[Activity]: Without including the pictures, copy out every line below.

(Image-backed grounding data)
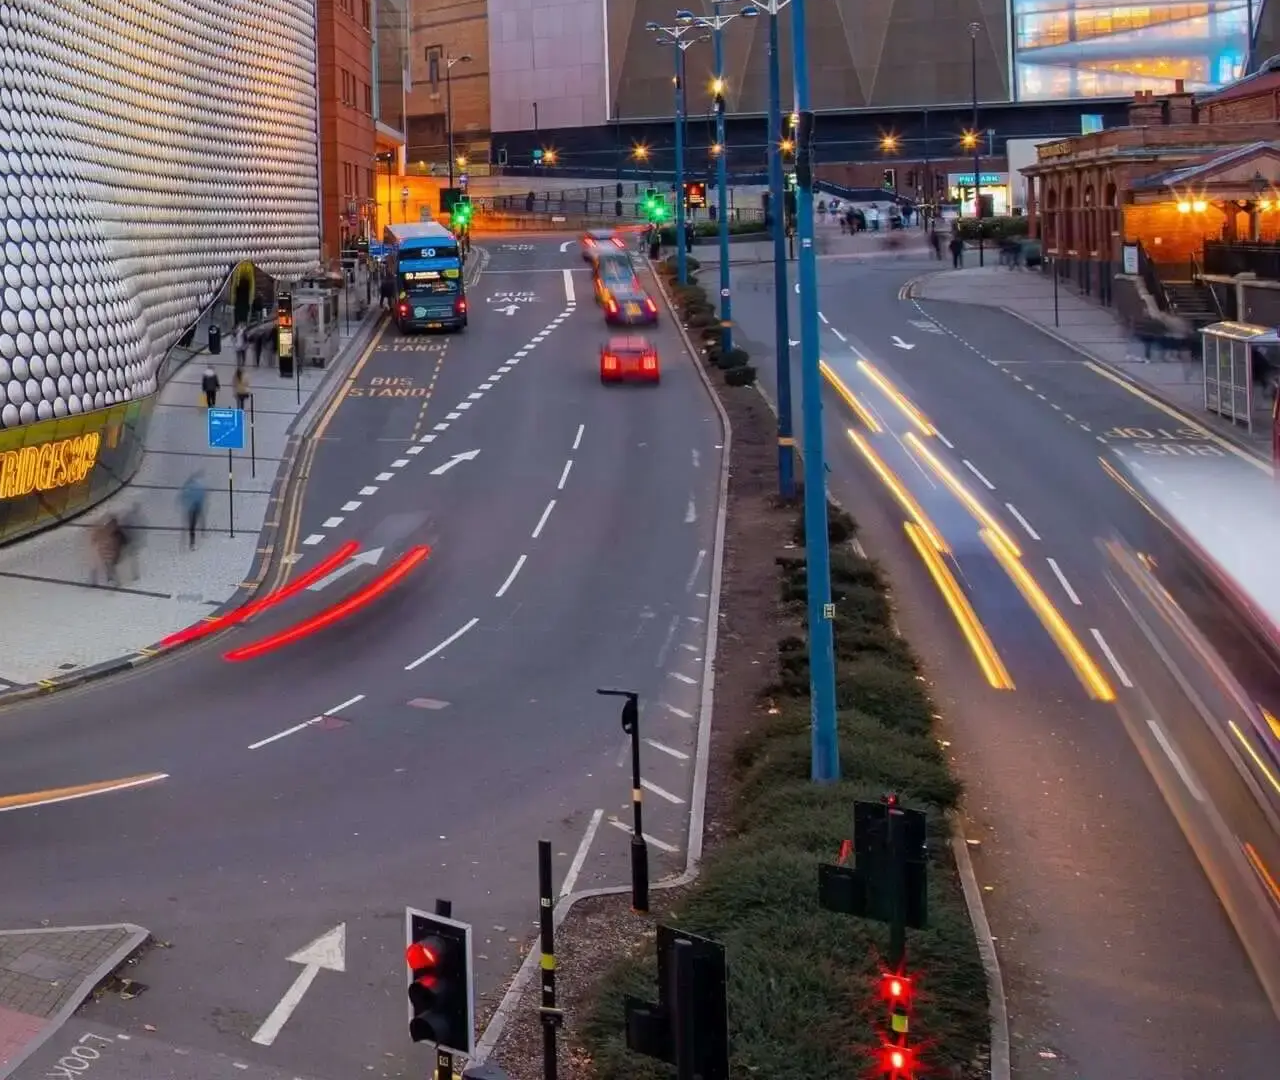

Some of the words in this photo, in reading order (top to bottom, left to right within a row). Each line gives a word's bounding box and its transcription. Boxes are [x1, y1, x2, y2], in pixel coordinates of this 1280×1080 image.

[959, 175, 1001, 184] PRIARK
[420, 248, 436, 257] 50
[375, 344, 441, 352] STAND
[370, 376, 414, 387] BUS
[348, 387, 427, 398] STAND
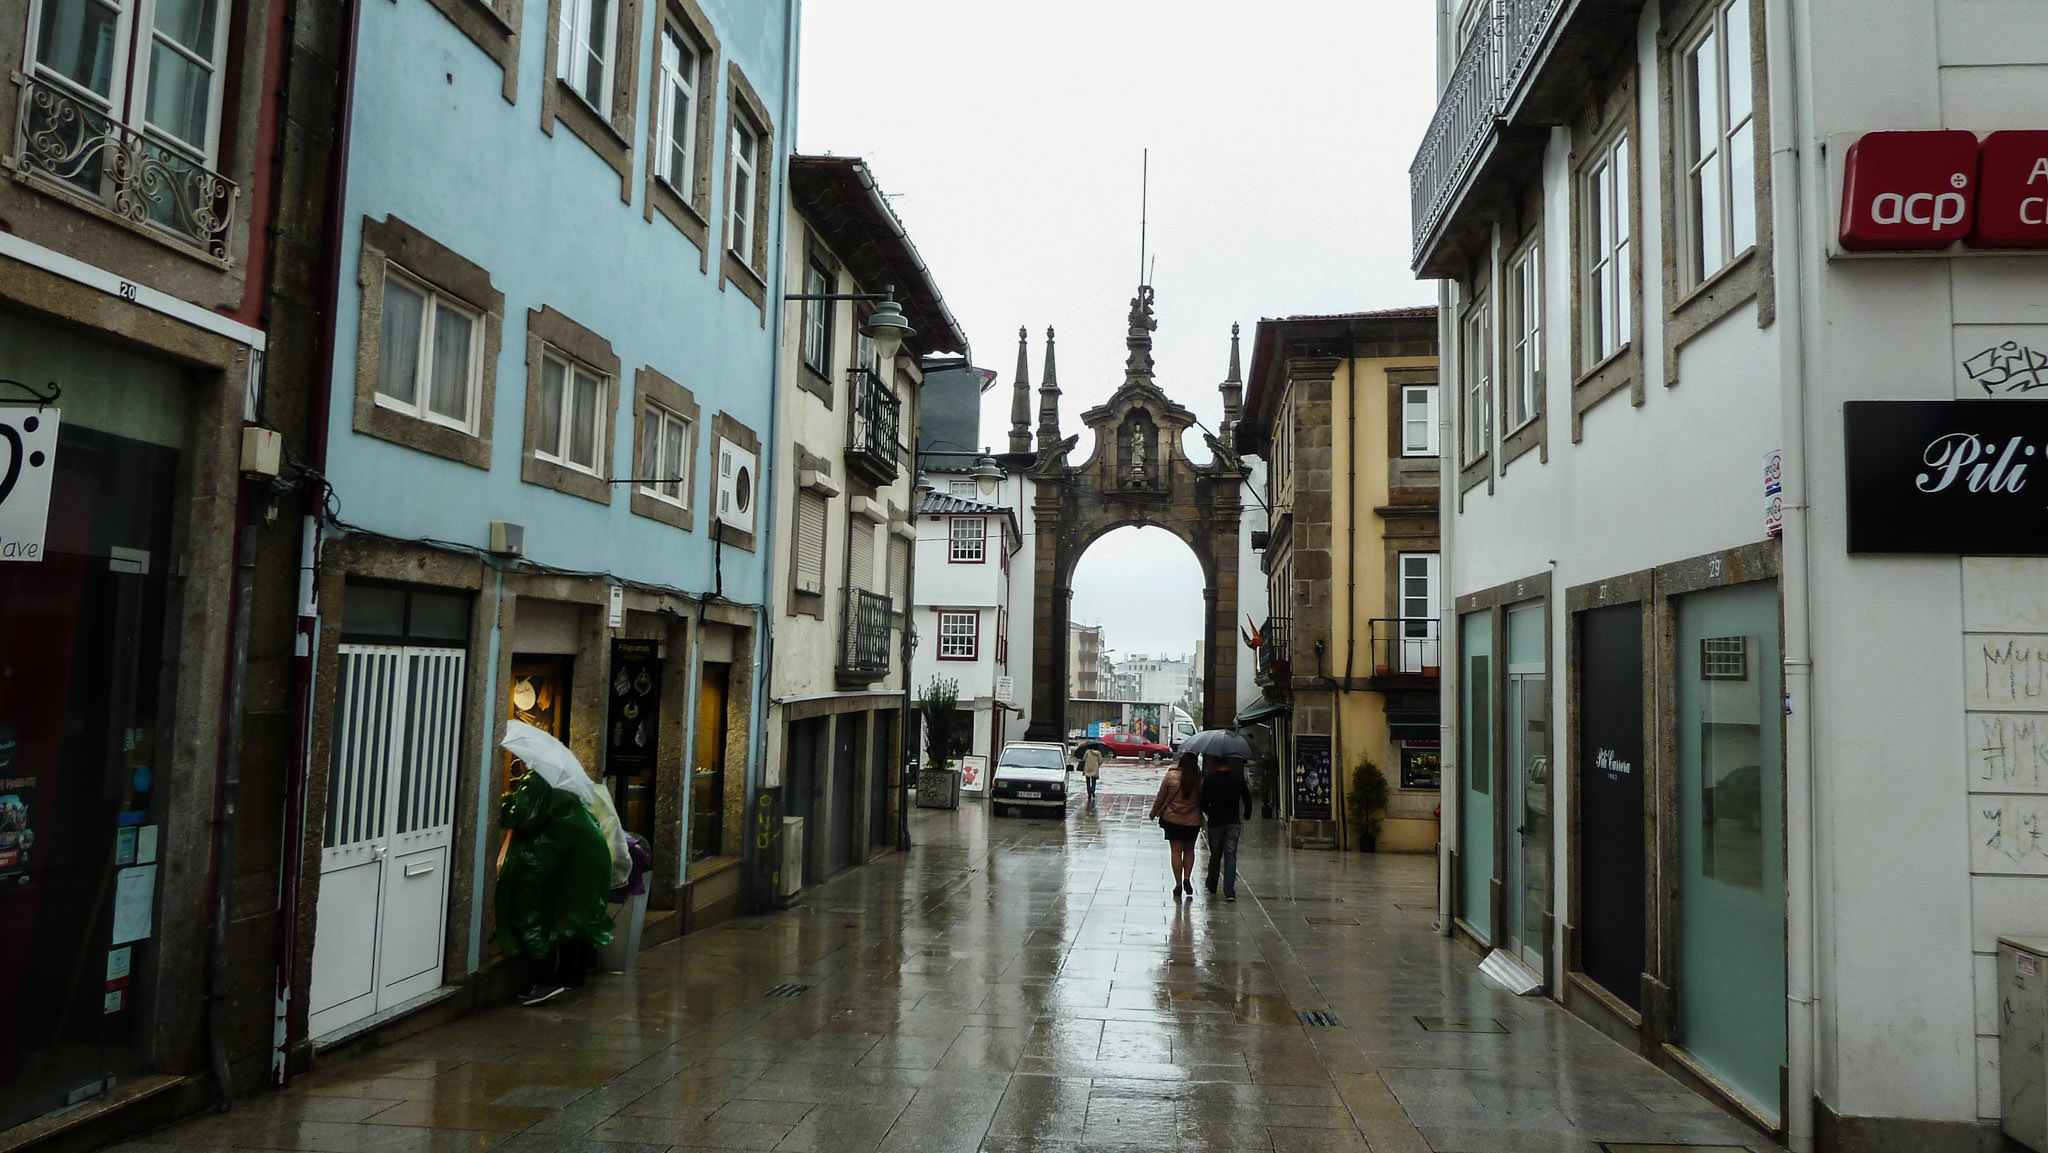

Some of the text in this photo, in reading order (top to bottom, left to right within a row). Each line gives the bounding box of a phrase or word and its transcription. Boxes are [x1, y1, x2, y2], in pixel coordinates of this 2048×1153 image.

[1871, 192, 1966, 231] acp
[120, 283, 136, 300] 20
[1915, 432, 2036, 493] Pili
[1708, 559, 1721, 578] 29
[1598, 584, 1607, 599] 27
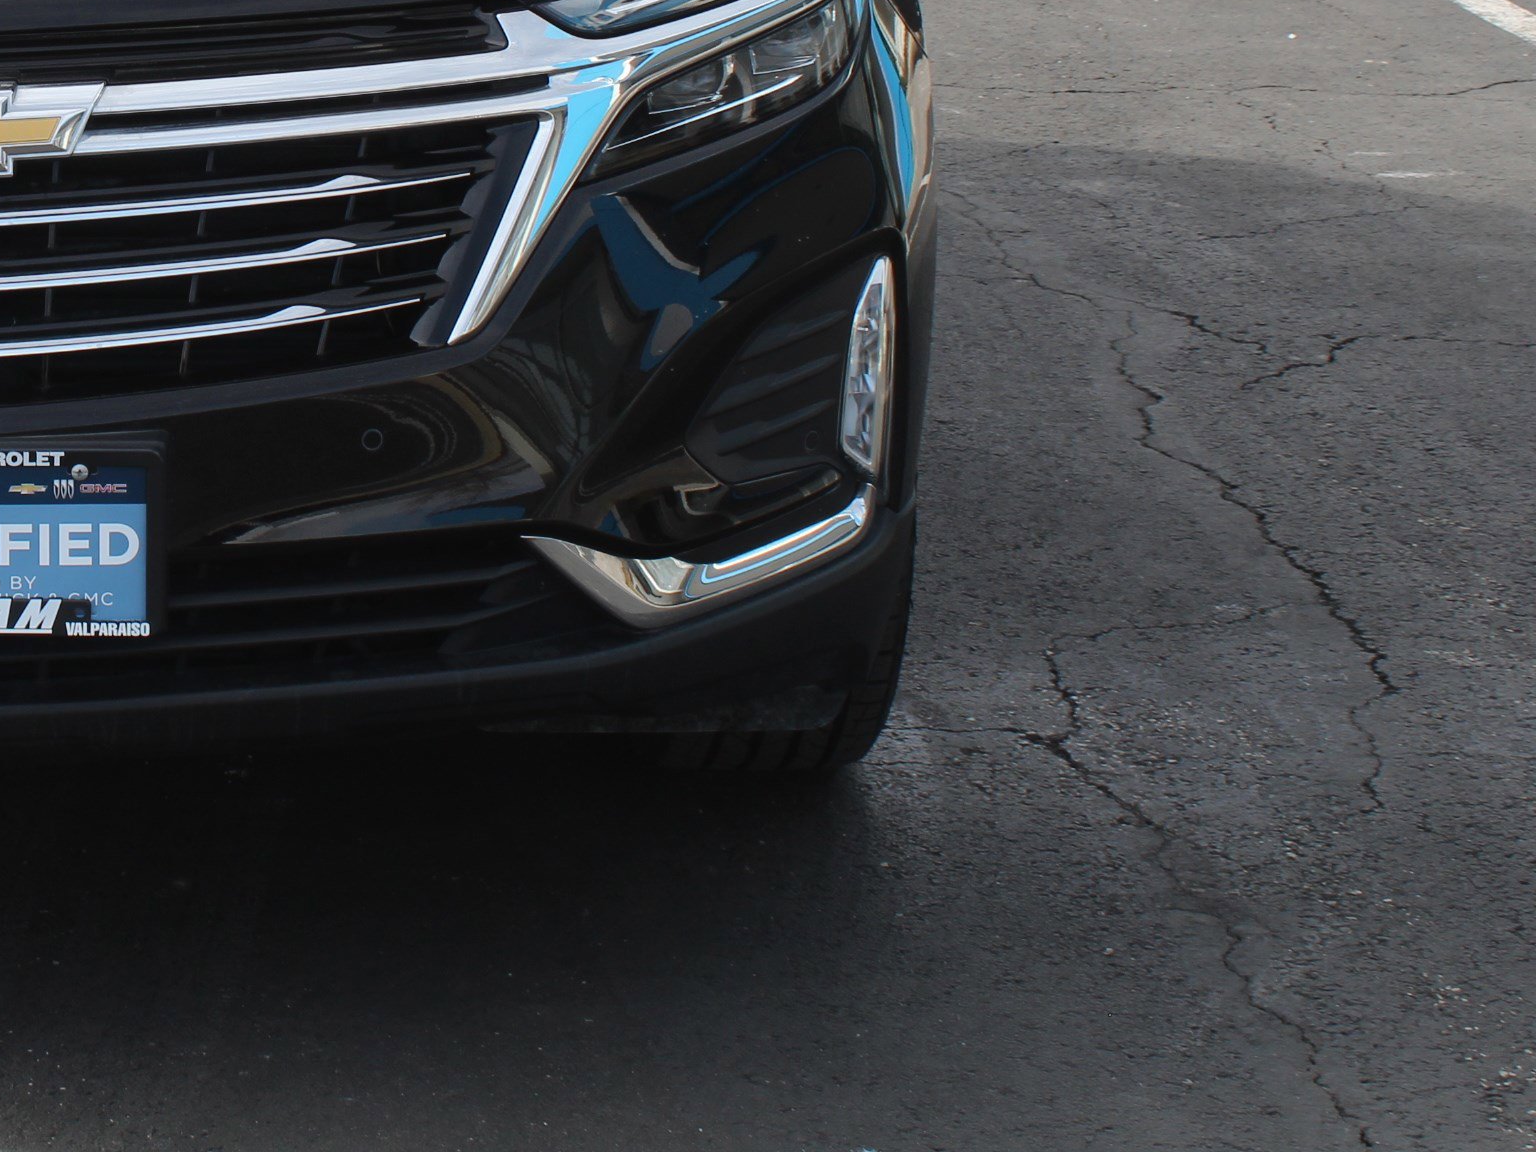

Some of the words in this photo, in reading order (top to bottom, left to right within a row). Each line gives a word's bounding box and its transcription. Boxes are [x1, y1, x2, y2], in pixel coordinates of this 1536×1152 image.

[79, 483, 128, 494] GMC
[11, 575, 37, 590] BY
[65, 622, 150, 637] VALPARAISO
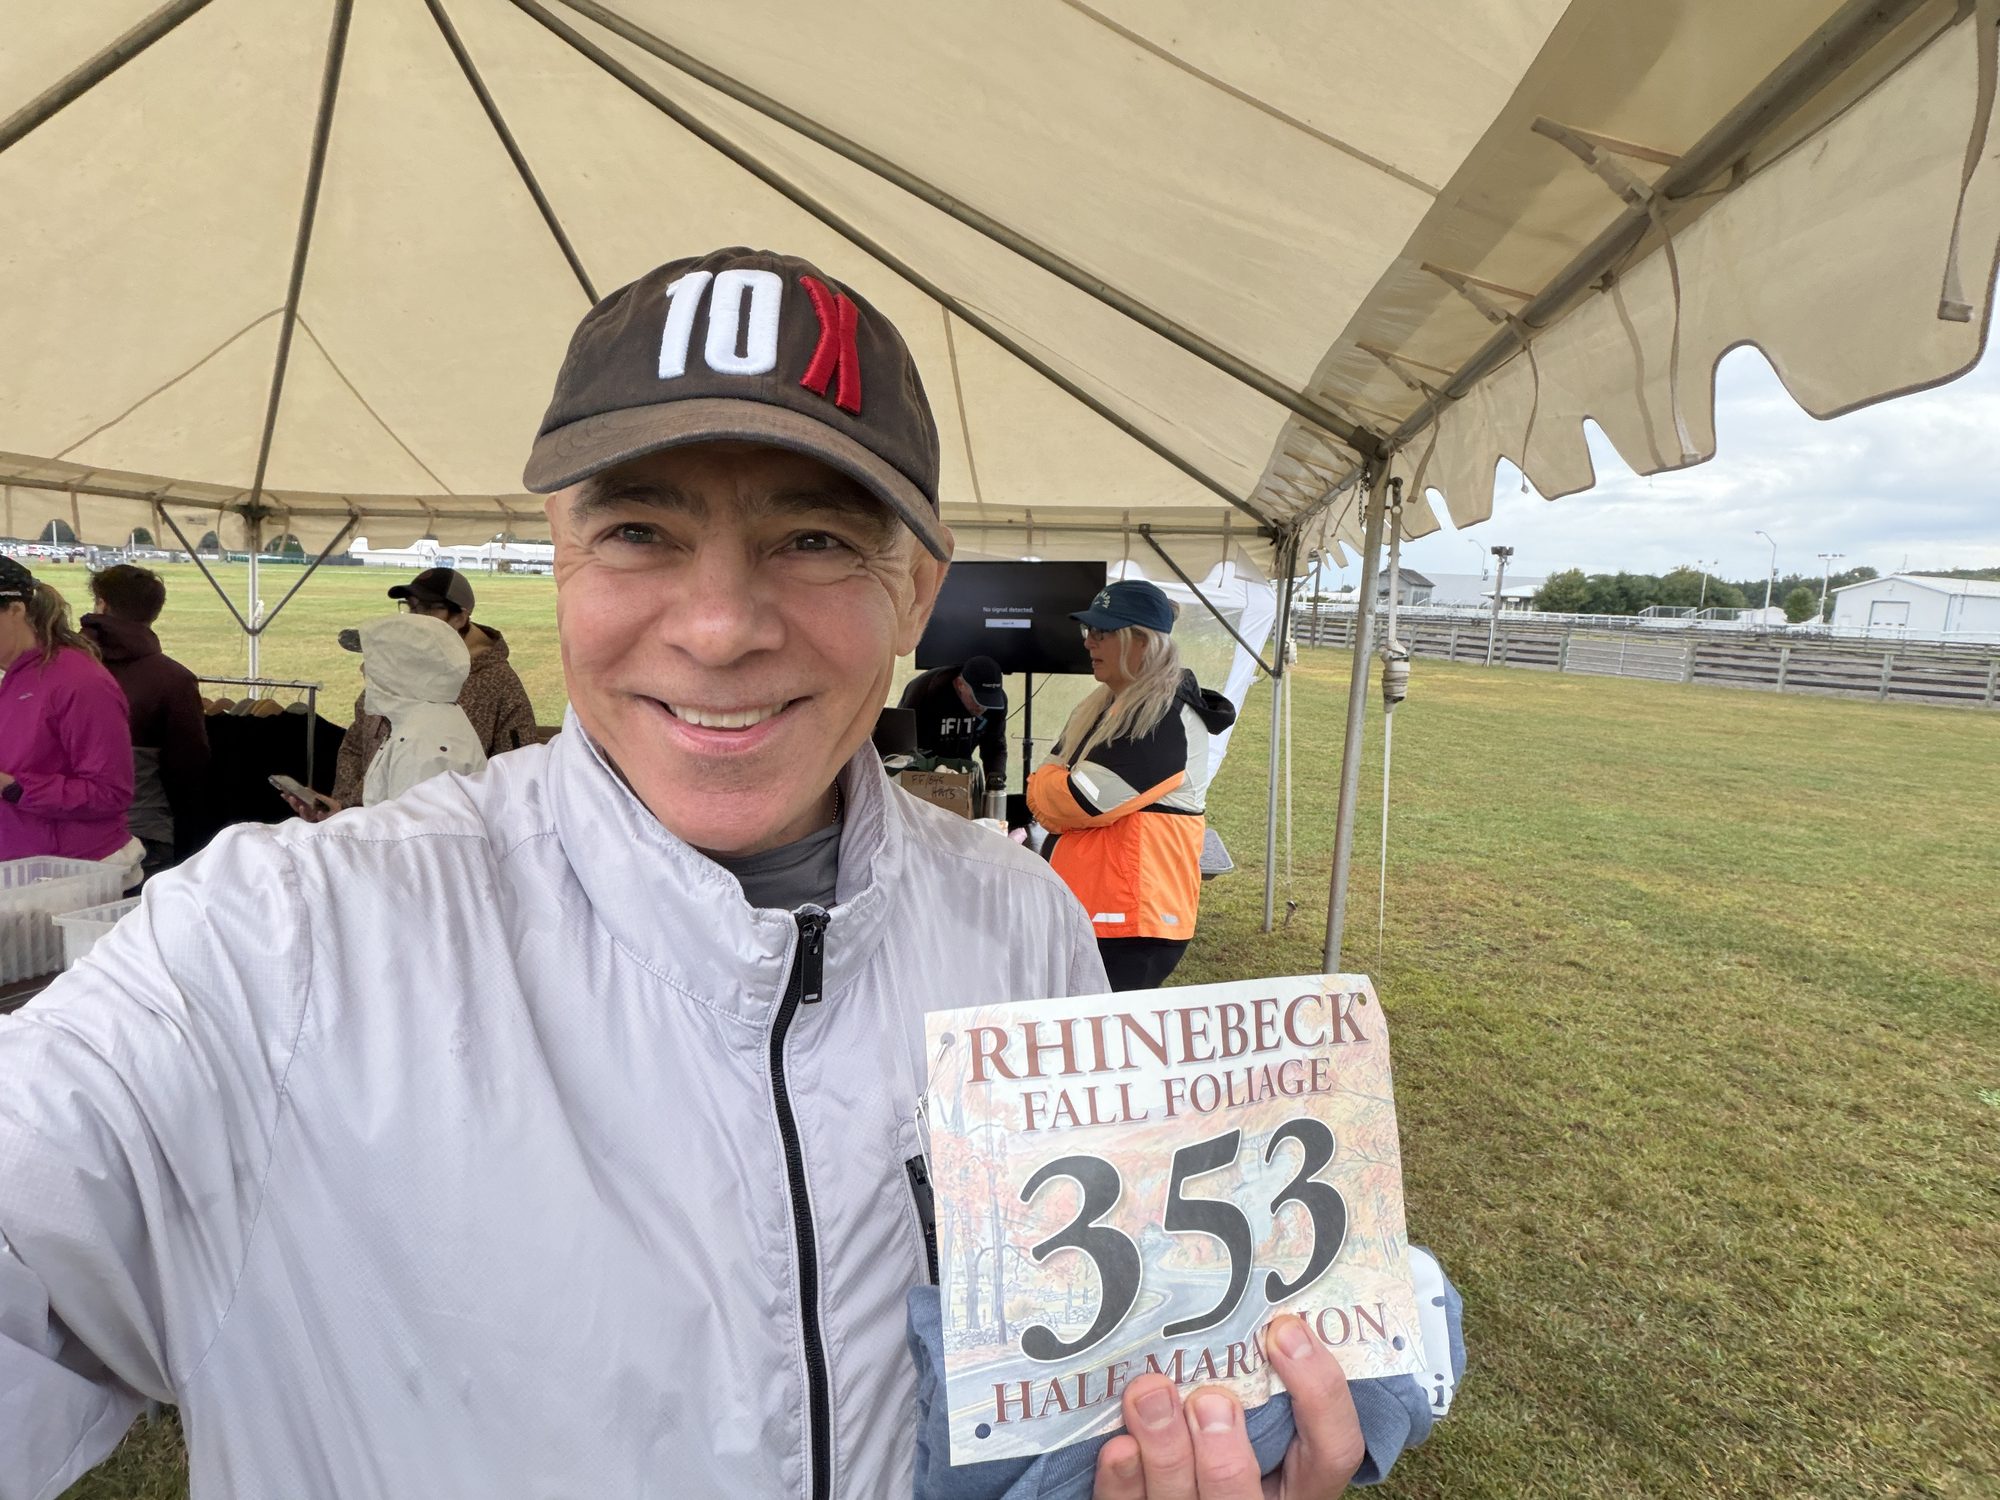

[Answer]:
Some of the words in this photo, in reading order (top to bottom, left to right within a row). Each line gives a word's bounding box and its transcription. Boxes are [x1, y1, x2, y2], in pixel coordinates of this 1280×1080 image.

[959, 175, 1001, 184] PRIARK
[420, 248, 436, 257] 50
[375, 344, 441, 352] STAND
[370, 376, 414, 387] BUS
[348, 387, 427, 398] STAND

Some of the text in this photo, in reading order (top to bottom, left to right within a row). Each line gives the bounding box of a phrase or word and its transcription. Boxes are [x1, y1, x2, y2], in pixel coordinates of this 2048×1153 image.

[1871, 192, 1966, 231] acp
[120, 283, 136, 300] 20
[1915, 432, 2036, 493] Pili
[1708, 559, 1721, 578] 29
[1598, 584, 1607, 599] 27

Some of the words in this photo, in reading order (top to bottom, left to right within a row). Each line gives a word's bounding box and its transcription. Boxes are [x1, y1, x2, y2], in pixel coordinates of this 1536×1152 image.

[79, 483, 128, 494] GMC
[11, 575, 37, 590] BY
[65, 622, 150, 637] VALPARAISO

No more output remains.